具合が悪くて休んでいた体なので、服の襟元を少しだけ緩め、額に汗でも浮かんでいないかと慎重に拭い、秘密裡に行った活動の痕跡を消した。
ちょうどひと息ついた頃合いに授業の終了を告げる鐘の音が校内に鳴り響くと、講義室経由で医務室へとやって来たと思われるテオドールが、心配そうな顔でニコラを迎えに来た。
その表情を見た瞬間、しなくてもいい心配を彼にさせてしまったことに、ニコラの胸はチクリと痛んだ。また迷惑をかけてしまった、と森の中でも感じた何とも言い知れない歯がゆさが胸に去来し思わず唇を噛みしめると、それが逆にテオドールの心配に輪をかけてしまったようだった。
「ニキさま、大丈夫ですか? まだ具合が悪いんじゃ…。
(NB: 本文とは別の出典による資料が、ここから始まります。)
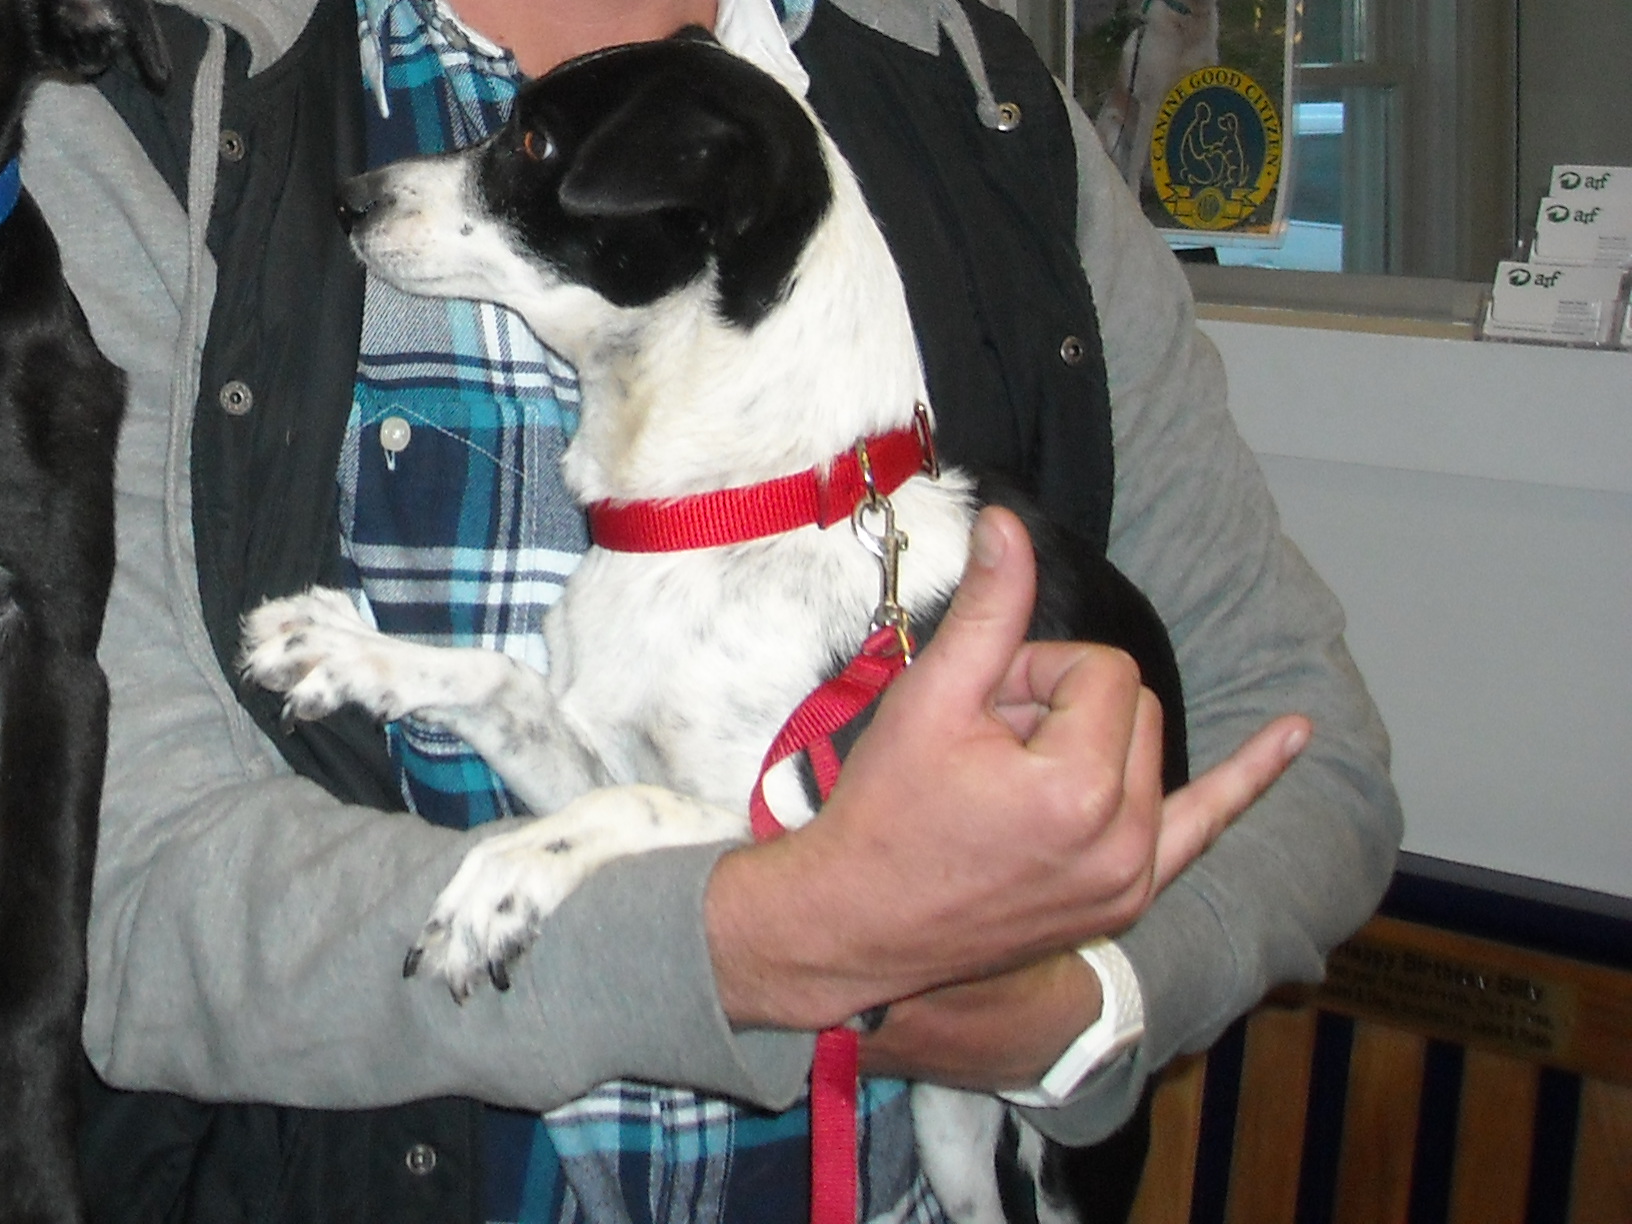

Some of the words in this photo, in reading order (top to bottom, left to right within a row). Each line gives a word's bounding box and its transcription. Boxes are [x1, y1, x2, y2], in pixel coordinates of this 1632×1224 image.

[1153, 88, 1187, 162] CANINE
[1189, 70, 1241, 89] GOOD
[1245, 84, 1280, 167] CITIZEN
[1584, 173, 1611, 191] arf
[1573, 207, 1600, 224] arf
[1534, 270, 1562, 288] arf
何なら馬車まで横抱きで運びましょうか?」
ニコラの様子を窺いながら提案してくるテオドールの気遣いなのか何なのかよくわからない妙にずれた内容に、ニコラは渋い顔でかぶりを振った。
大体、横抱きなどと言い方を変えているが、つまるところ俗にいう『お姫さま抱っこ』ではないか。そんなことを従者にされて馬車まで運ばれる公爵令息がどこの世界に居るというのだ。いや、広い世の中にはもしかしたらやむを得ない事情によって横抱きスタイルで運ばれる令息も居るのかもしれないが、実際に横抱きなどされたら目立って仕方がない。
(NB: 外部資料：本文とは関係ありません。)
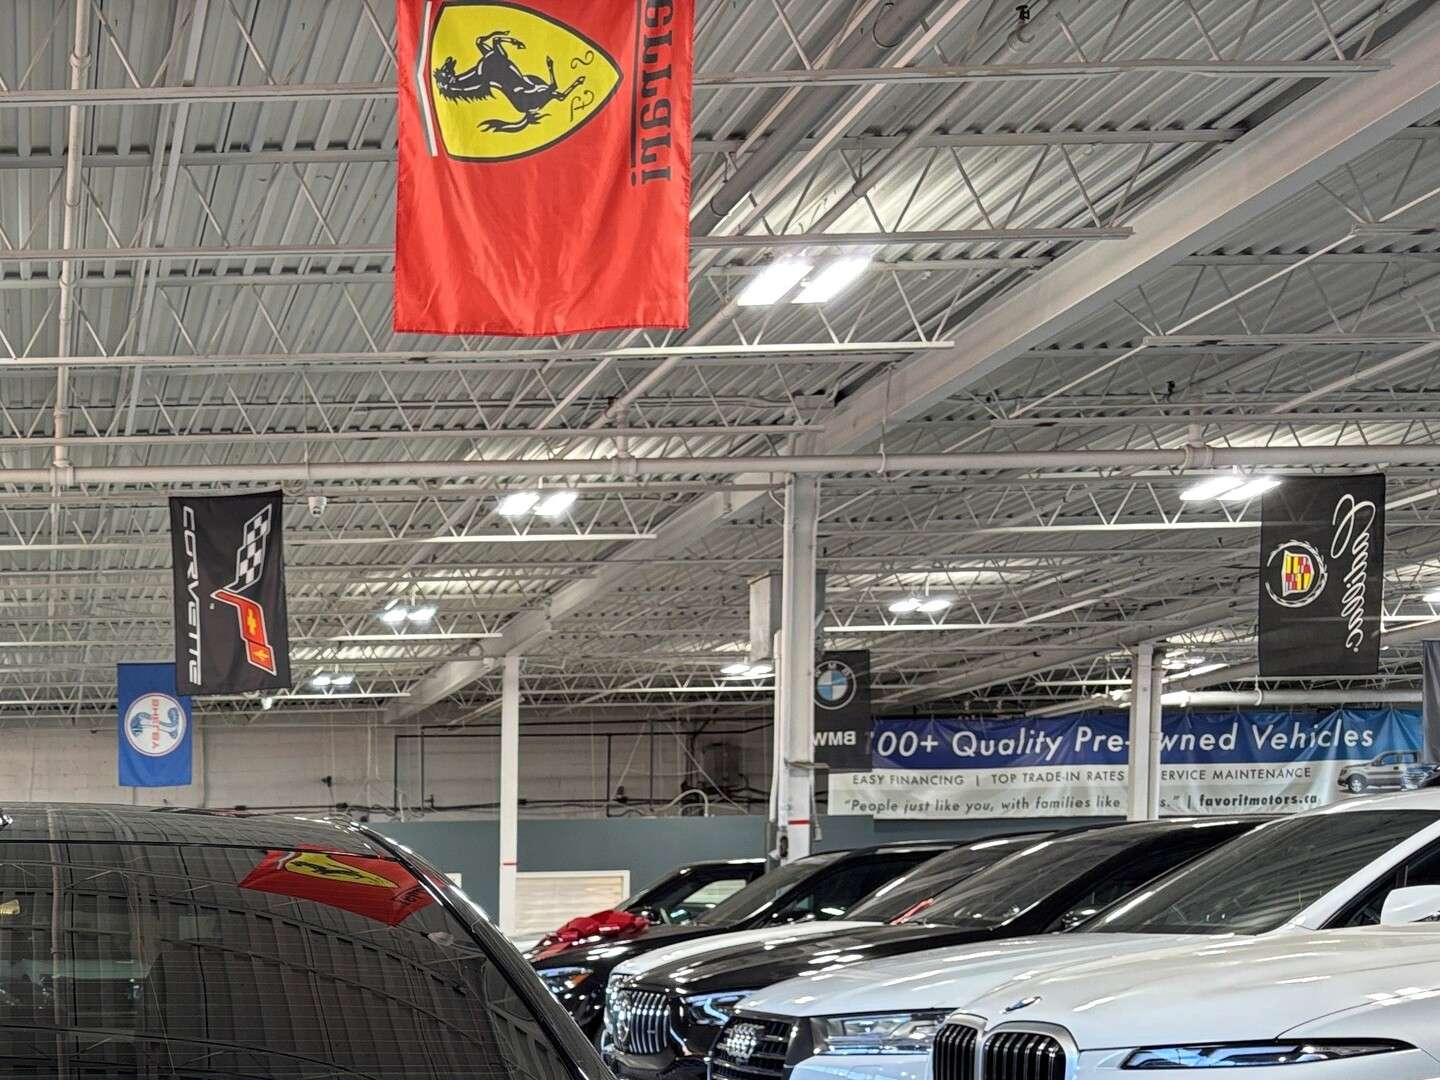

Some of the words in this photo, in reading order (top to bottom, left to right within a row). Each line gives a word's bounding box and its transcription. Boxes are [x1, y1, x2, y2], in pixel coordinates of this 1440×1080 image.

[183, 505, 202, 686] CORVETTE
[865, 731, 939, 757] 00+
[952, 727, 1063, 761] Quality
[1074, 721, 1239, 753] Pre-wned
[1251, 718, 1374, 750] Vehicles
[852, 774, 885, 785] EASY
[890, 774, 965, 786] FINANCING
[991, 773, 1017, 785] TOP
[1023, 771, 1081, 783] TRADE-IN
[1087, 770, 1126, 782] RATES
[1160, 769, 1207, 781] ERVICE
[1212, 767, 1312, 781] MAINTENANCE
[903, 800, 931, 814] just
[935, 799, 961, 812] like
[965, 801, 994, 814] you,
[1001, 797, 1030, 810] with
[1035, 796, 1091, 809] families
[1096, 795, 1121, 809] like
[1199, 793, 1318, 807] favoritmotors.ca
たとえば端正な顔立ちが目立ってしまうのは仕方ないとしても、学校では常に立派な公爵令息を演じなくてはならないニコラにとって、そんなことで目立つのは不本意極まりないことだった。
男装をして女子と見破られまいと必死で立ち振る舞っているニコラが、そう思うことを知っていてわざと提案してくるのだったら、それはきっとテオドールのちょっとした報復なのかもしれない。
具合が悪かったことをテオドールには黙って医務室へ行ったことを怒っているのだ。心配は顔に出しても、怒りは顔に出さないテオドールなので非常にわかりにくいけれど。
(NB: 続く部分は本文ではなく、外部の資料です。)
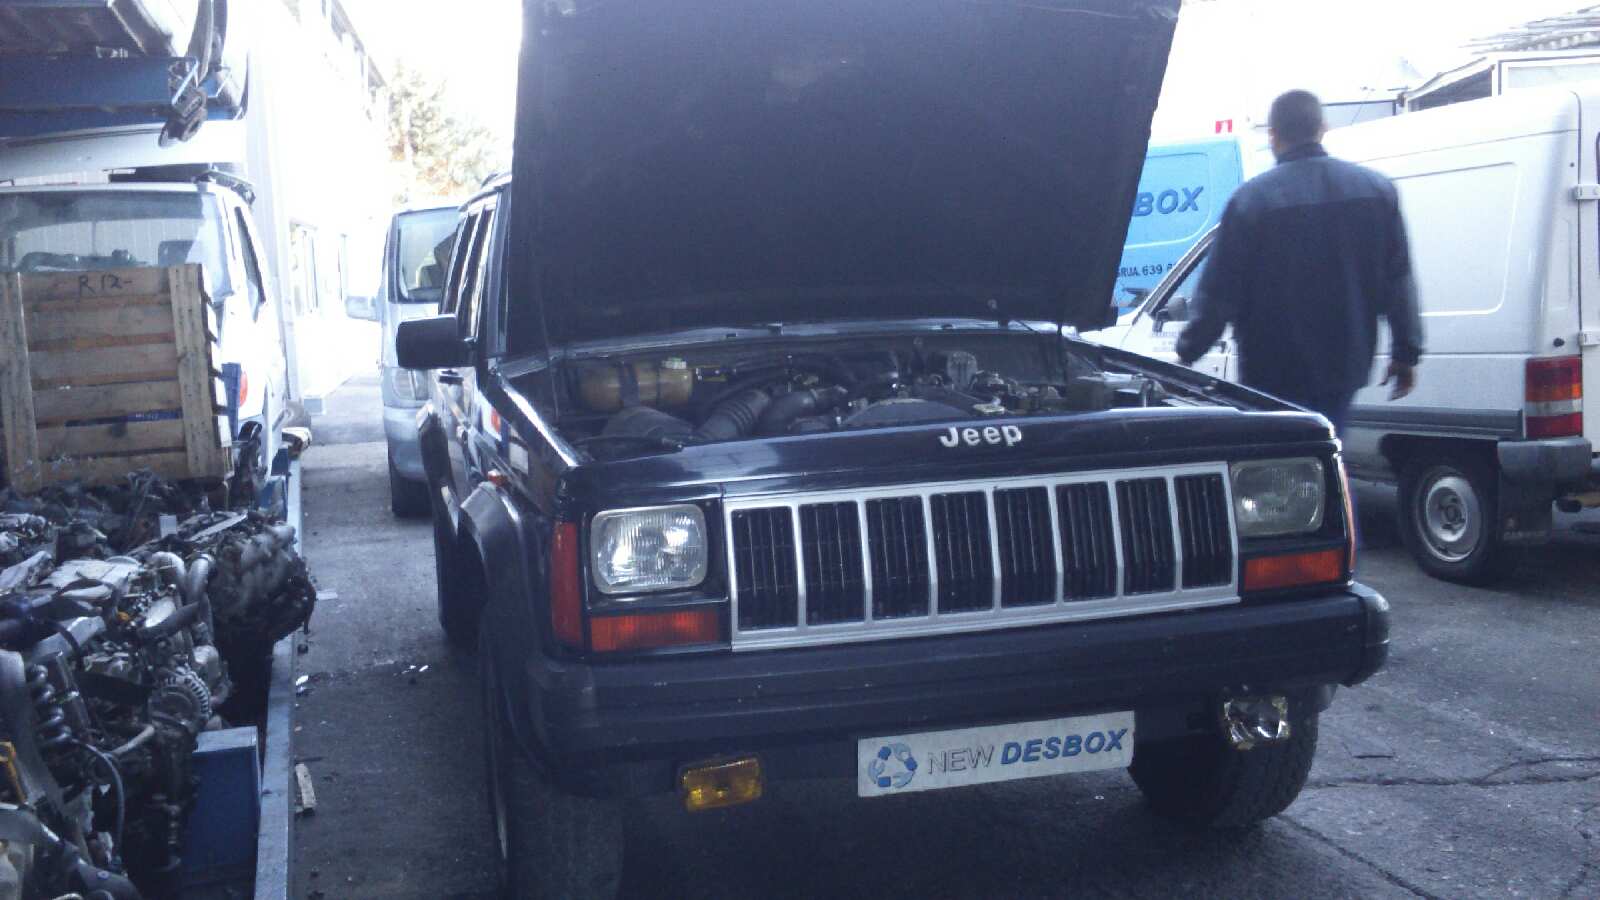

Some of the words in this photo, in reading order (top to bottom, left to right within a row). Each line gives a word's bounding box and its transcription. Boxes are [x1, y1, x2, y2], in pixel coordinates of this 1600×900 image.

[939, 425, 1022, 447] Jeep
[927, 745, 994, 774] NEW
[1000, 728, 1128, 765] DESBOX
「……大丈夫だ。ほら、明日…試験のほかに体力測定と身体検査があると聞いたから、つい頭が真っ白になって…それだけだ」
謝罪の代わりに具合の悪くなった理由を告げれば、納得したのかテオドールは神妙な顔で軽く頷いた。
その後は何ごともなかったかのようにいつもどおりに帰宅して、恙なく時間が過ぎていった。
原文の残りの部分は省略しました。